Once you complete these prerequisites, you can use the `list.files` command
to find files in a given location, whose name matches a given pattern.
In this case, I'm looking for the .txt files I created. For your project,
you may want to replace .txt with .fcs.
The argument `recursive=TRUE` looks inside subdirectories of `data_base`.
Use `?list.files` to read the documentation of this function and learn more.
```{r read}
data_base <- "data"
files <- list.files(path=data_base, pattern=".txt", recursive = TRUE)
files
```
Let's start creating the manifest. We create a tibble (fancy name for a data
frame) which initially has just one column, the file path. Then we mutate
to add additional columns.

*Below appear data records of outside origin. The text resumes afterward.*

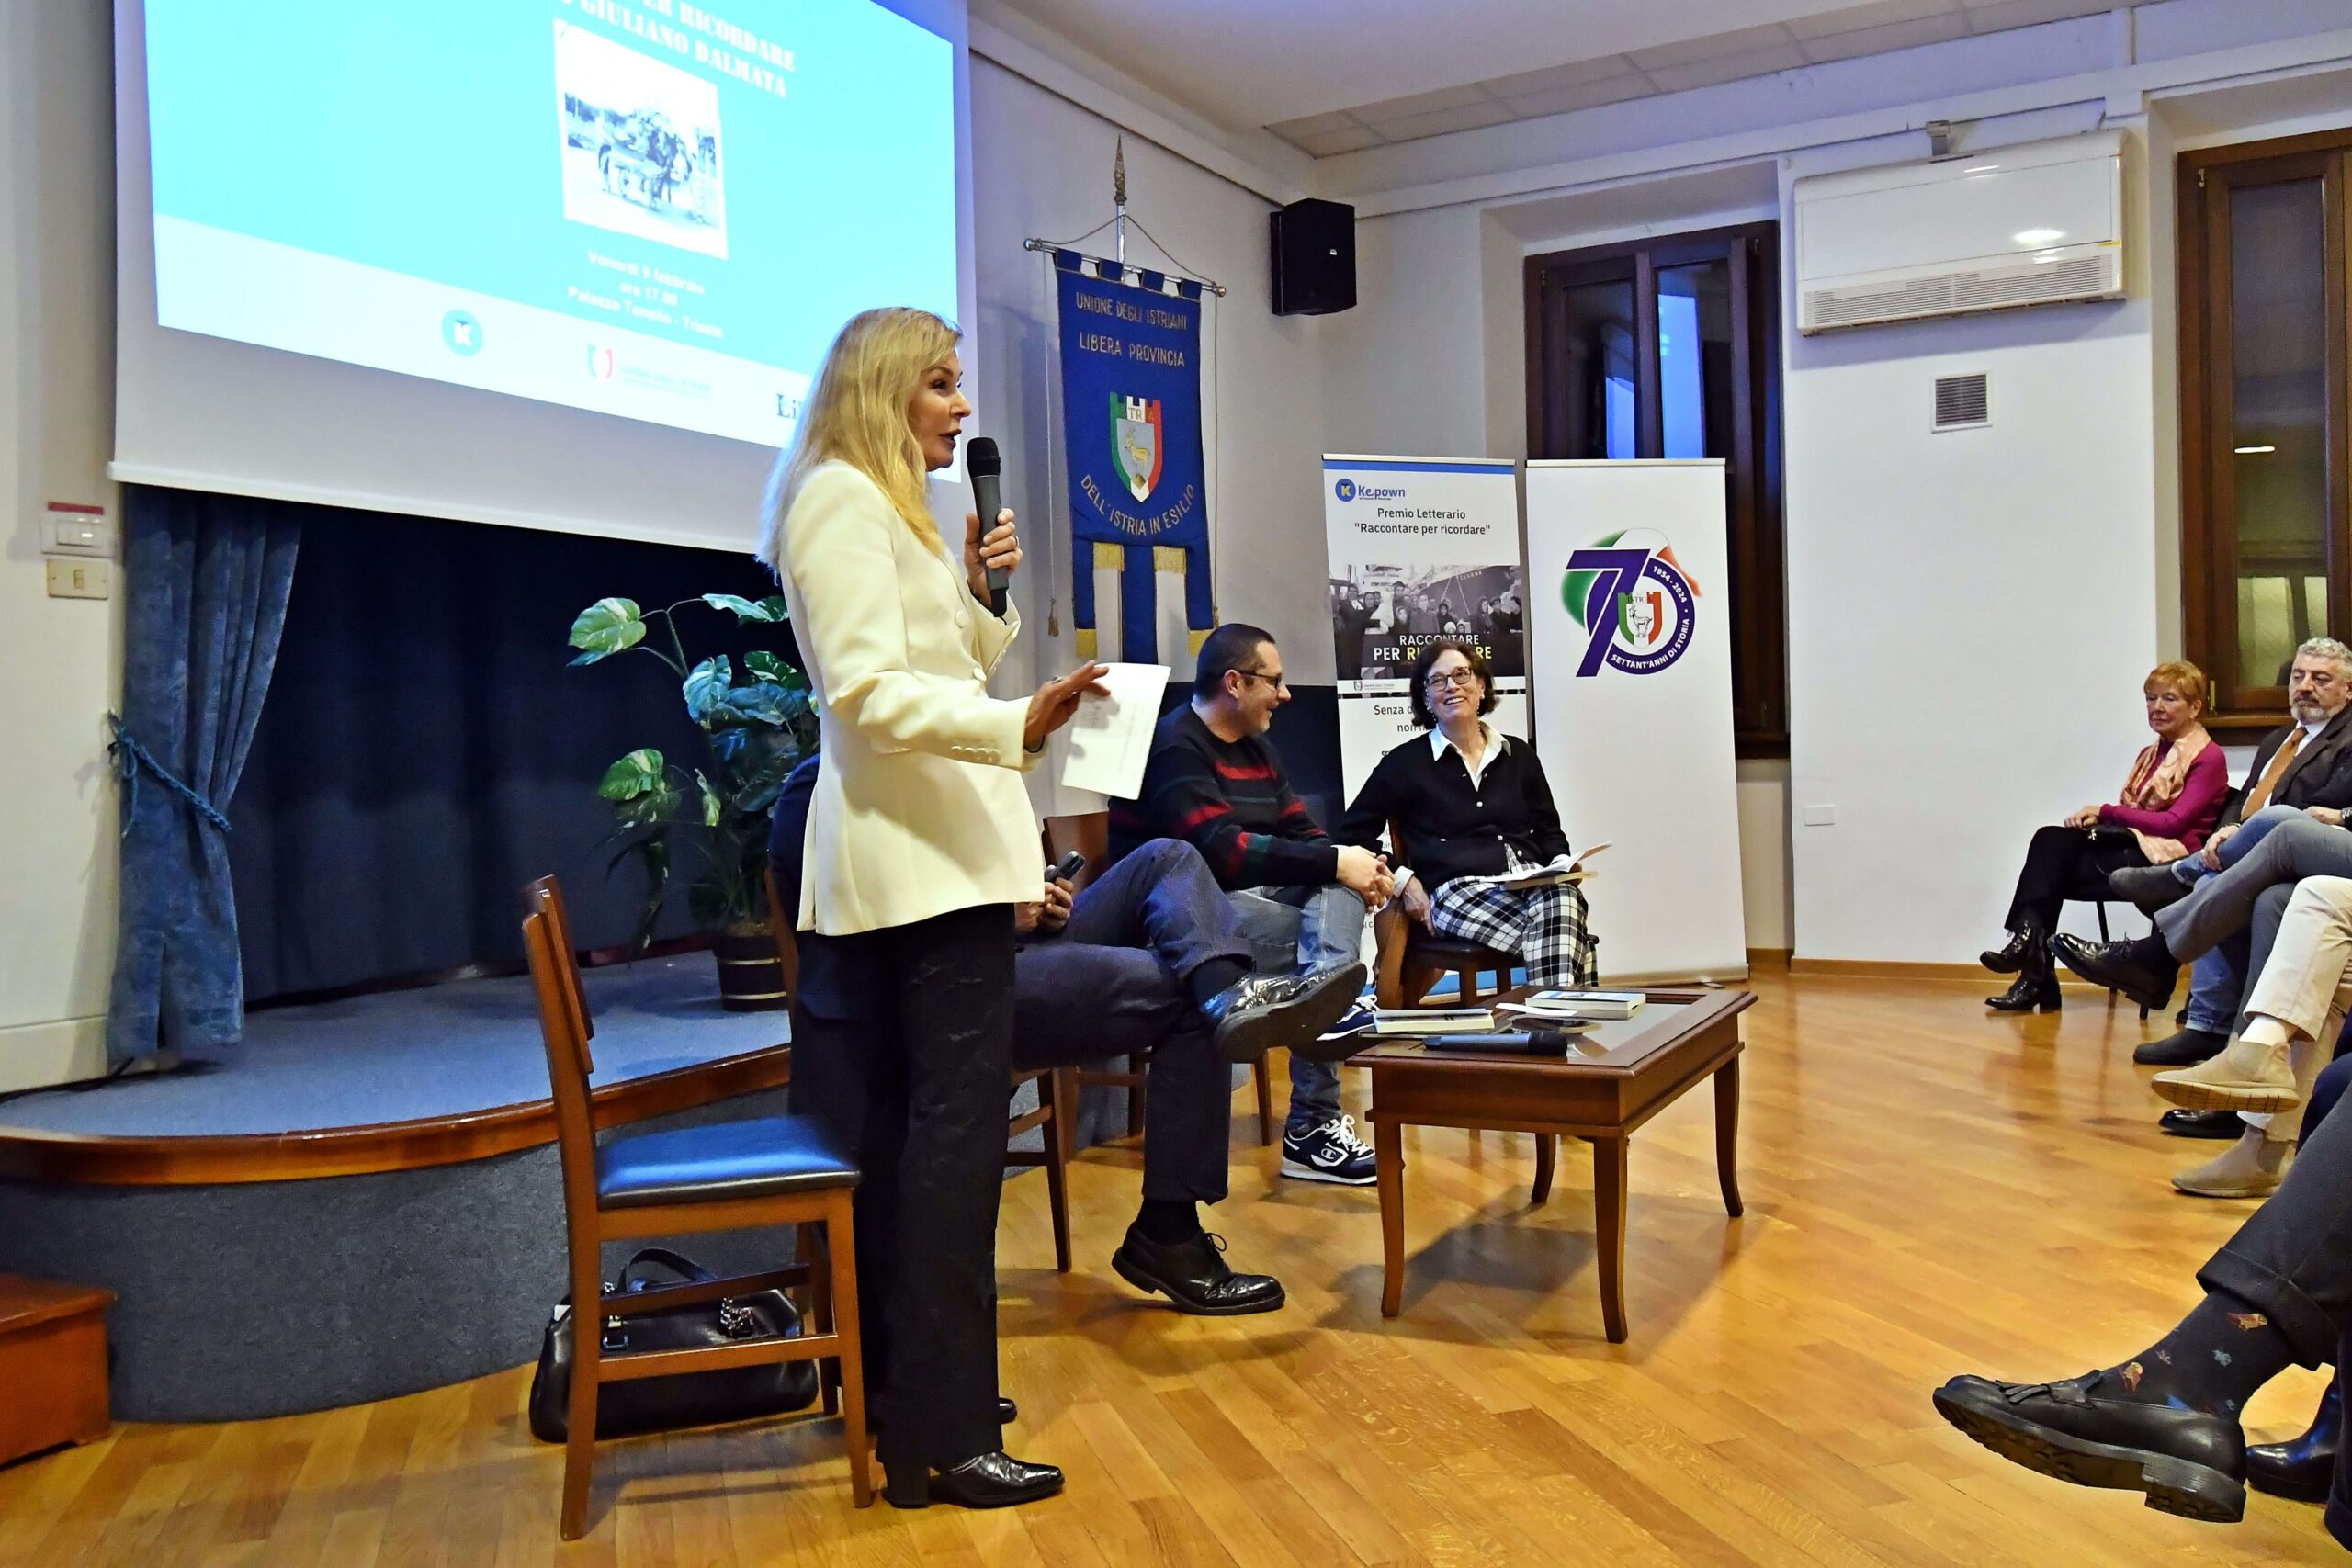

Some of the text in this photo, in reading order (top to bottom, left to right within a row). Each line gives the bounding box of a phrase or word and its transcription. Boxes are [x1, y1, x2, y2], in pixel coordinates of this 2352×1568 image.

[679, 1, 796, 73] RICORDARE
[695, 39, 787, 99] DALMATA
[1076, 291, 1187, 330] UNIONE DEGLI ISTRIANI
[1079, 332, 1185, 367] LIBERA PROVINCIA
[1150, 516, 1161, 535] IN
[1162, 484, 1193, 529] ESILIO
[1377, 508, 1466, 519] Premio Letterario
[1354, 523, 1490, 536] "Raccontare per ricordare"
[1654, 566, 1671, 581] 1954
[1672, 582, 1688, 603] 2024
[1374, 647, 1400, 660] PER
[1611, 618, 1690, 669] SETTANT'ANNI DI STORIA
[1374, 705, 1404, 715] Senza

Note the pipe operator `%>%`, which takes the
output of the previous command and inputs it to the next.
```{r manifest}
manifest <- tibble(path = files) %>% # Data frame with one column, the file path
mutate(filename = path %>%
str_split(pattern="/") %>% # Split the path on "/"
sapply("[", 2), # Filename is the second piece
condition = path %>%
str_split(pattern="/") %>%
sapply("[", 1)) # Condition is the first piece (directory name)
manifest
```
Let's go further and extract the tissue type and subject name from the filename.

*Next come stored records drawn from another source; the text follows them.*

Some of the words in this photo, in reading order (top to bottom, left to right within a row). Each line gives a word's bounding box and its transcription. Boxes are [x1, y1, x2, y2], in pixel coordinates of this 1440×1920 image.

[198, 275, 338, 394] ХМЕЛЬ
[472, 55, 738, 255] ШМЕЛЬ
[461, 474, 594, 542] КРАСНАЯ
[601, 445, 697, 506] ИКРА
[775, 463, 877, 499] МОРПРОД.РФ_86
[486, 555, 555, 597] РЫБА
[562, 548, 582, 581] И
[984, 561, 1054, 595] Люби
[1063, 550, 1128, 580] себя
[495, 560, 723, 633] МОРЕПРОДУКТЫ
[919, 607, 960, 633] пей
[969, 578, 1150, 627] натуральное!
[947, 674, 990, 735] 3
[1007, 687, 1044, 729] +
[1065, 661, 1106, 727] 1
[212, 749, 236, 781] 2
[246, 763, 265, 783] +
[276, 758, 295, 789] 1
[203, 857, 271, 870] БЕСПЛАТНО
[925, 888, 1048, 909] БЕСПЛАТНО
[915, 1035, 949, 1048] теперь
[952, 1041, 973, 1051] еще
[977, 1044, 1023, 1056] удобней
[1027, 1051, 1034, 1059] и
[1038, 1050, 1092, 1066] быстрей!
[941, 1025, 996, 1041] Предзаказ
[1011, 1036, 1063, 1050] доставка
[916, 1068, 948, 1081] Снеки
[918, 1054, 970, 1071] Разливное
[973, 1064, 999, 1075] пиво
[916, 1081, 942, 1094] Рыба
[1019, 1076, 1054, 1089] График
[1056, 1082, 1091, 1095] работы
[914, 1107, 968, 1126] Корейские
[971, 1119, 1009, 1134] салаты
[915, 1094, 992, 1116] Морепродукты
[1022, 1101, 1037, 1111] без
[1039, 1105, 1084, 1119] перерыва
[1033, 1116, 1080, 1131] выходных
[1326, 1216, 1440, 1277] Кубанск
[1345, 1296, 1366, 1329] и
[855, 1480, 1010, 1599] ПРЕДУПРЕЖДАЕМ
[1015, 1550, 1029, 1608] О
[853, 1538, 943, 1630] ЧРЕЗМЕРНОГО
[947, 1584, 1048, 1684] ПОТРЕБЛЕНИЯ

We now have to split on two characters, "_" and ".". For this we use the
expression "[_.]+".
```{r split_file_name, tibble.width=Inf}
manifest <- manifest %>%
mutate(tissue = filename %>%
str_split(pattern="[_.]+") %>% # Split string on multiple characters
sapply("[", 1), # Tissue is first piece
subject = filename %>%
str_split(pattern="[_.]+") %>%
sapply("[", 2)) # Subject name is second piece
manifest
```
## Joining with analysis results
Assume now that you did some analysis on your files, and came up
with some values for a biomarker in each of the files. For this
exercise, I will create some dummy results instead of actually
running an analysis.
```{r dummy_results}
results <- tibble(file = sort(files, decreasing=TRUE),
biomarker = c(1, 1, 5, 6))
results
```
For some reason, the order of your files changed during the analysis.
If you naively concatenate the results with your manifest (using the
`rbind` function) you will mix up the association between subjects
and results. To avoid this you should do a join.
```{r join_data}
manifest_results <- inner_join(manifest, results, by=c("path"="file"))
manifest_results
```
Now everything looks good, and you can do some statistics. In this case,
we explicitly told `inner_join` what columns to use for matching. By
default, it will use all columns with common names between the two
data frames, and throw an error if it doesn't find any.